In hospitals or on TV, you've probably seen patients undergoing radiation therapy for cancer, and doctors ordering PET scans to diagnose patients. These are part of the medical specialty called nuclear medicine. Nuclear medicine uses radioactive substances to image the body and treat disease. It looks at both the physiology (functioning) and the anatomy of the body in establishing diagnosis and treatment.
In this article, we will explain some of the techniques and terms used in nuclear medicine. You'll learn how radiation helps doctors see deeper inside the human body than they ever could.
Imaging in Nuclear Medicine
One problem with the human body is that it is opaque, and looking inside is generally painful. In the past, exploratory surgery was one common way to look inside the body, but today doctors can use a huge array of non-invasive techniques. Some of these techniques include things like X-rays, MRI scanners, CAT scans, ultrasound and so on. Each of these techniques has advantages and disadvantages that make them useful for different conditions and different parts of the body.

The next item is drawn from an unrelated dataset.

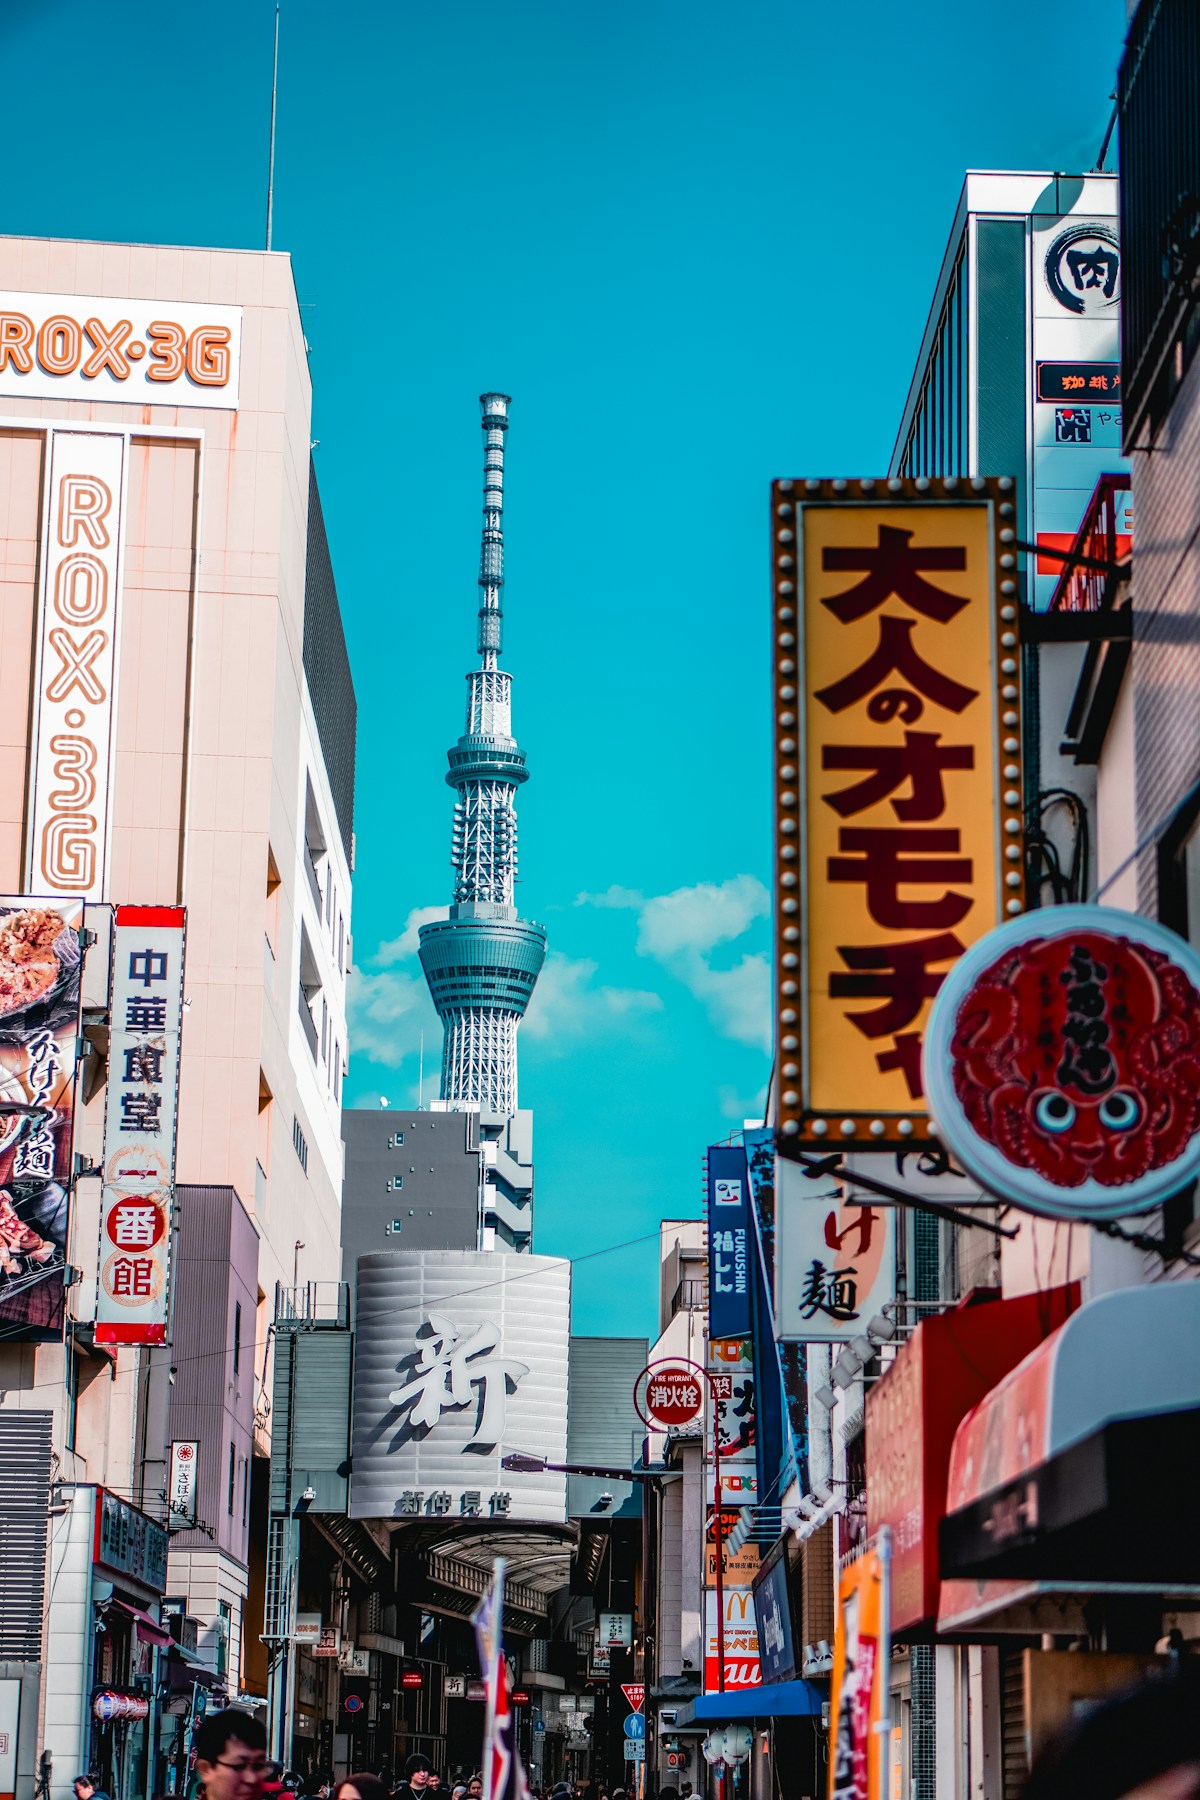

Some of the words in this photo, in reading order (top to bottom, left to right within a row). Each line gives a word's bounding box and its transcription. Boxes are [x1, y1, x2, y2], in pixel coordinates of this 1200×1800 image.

Nuclear medicine imaging techniques give doctors another way to look inside the human body. The techniques combine the use of computers, detectors, and radioactive substances. These techniques include:
- Positron emission tomography (PET)
- Single photon emission computed tomography (SPECT)
- Cardiovascular imaging
- Bone scanning
All of these techniques use different properties of radioactive elements to create an image. See How Radioactivity Works for complete details.
Nuclear medicine imaging is useful for detecting:
- aneurysms (weak spots in blood vessel walls)
- irregular or inadequate blood flow to various tissues
- blood cell disorders and inadequate functioning of organs, such as thyroid and pulmonary function deficiencies.
The use of any specific test, or combination of tests, depends upon the patient's symptoms and the disease being diagnosed.